■ Work instruction
What should come back is the data below, word for word, minus any picture.

---+---

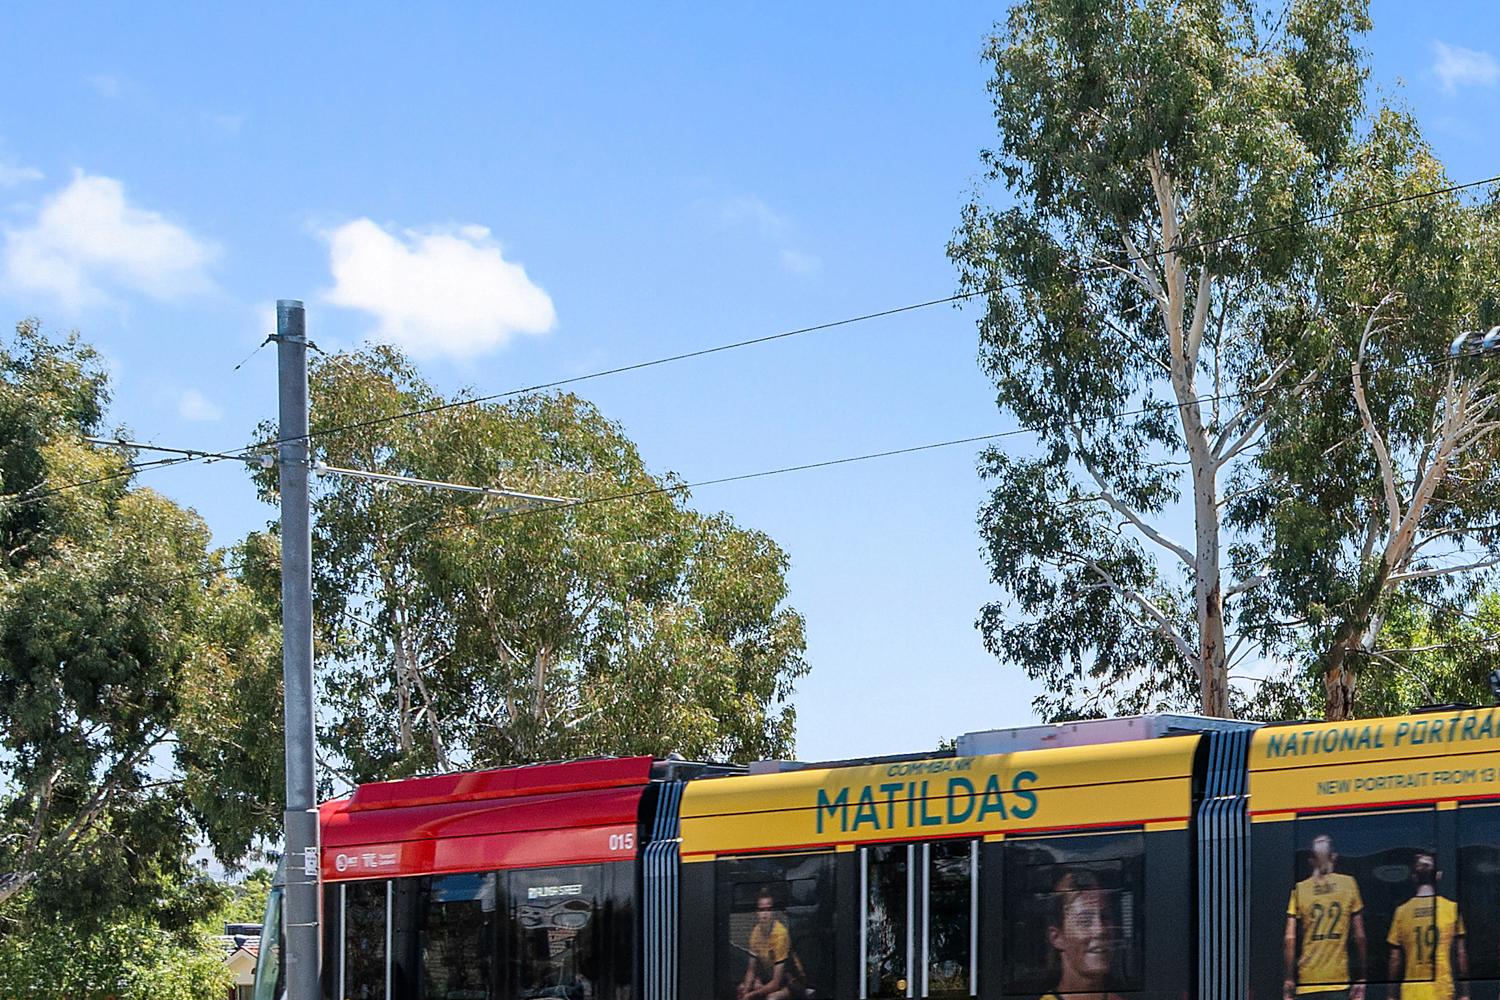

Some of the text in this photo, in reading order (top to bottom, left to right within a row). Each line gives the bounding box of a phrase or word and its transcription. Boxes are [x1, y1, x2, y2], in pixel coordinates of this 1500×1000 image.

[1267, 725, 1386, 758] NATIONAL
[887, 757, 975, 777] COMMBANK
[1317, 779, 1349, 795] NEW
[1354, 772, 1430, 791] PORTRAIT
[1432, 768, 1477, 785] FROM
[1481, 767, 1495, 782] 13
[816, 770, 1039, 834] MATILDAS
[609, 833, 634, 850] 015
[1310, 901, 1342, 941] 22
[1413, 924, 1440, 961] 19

---+---

■ Task solution
Some of the text in this photo, in reading order (top to bottom, left to right within a row). Each line gives the bounding box of a phrase or word and its transcription. Boxes are [x1, y1, x2, y2], in pixel coordinates of this 1500×1000 image.

[1267, 725, 1386, 758] NATIONAL
[887, 757, 975, 777] COMMBANK
[1317, 779, 1349, 795] NEW
[1354, 772, 1430, 791] PORTRAIT
[1432, 768, 1477, 785] FROM
[1481, 767, 1495, 782] 13
[816, 770, 1039, 834] MATILDAS
[609, 833, 634, 850] 015
[1310, 901, 1342, 941] 22
[1413, 924, 1440, 961] 19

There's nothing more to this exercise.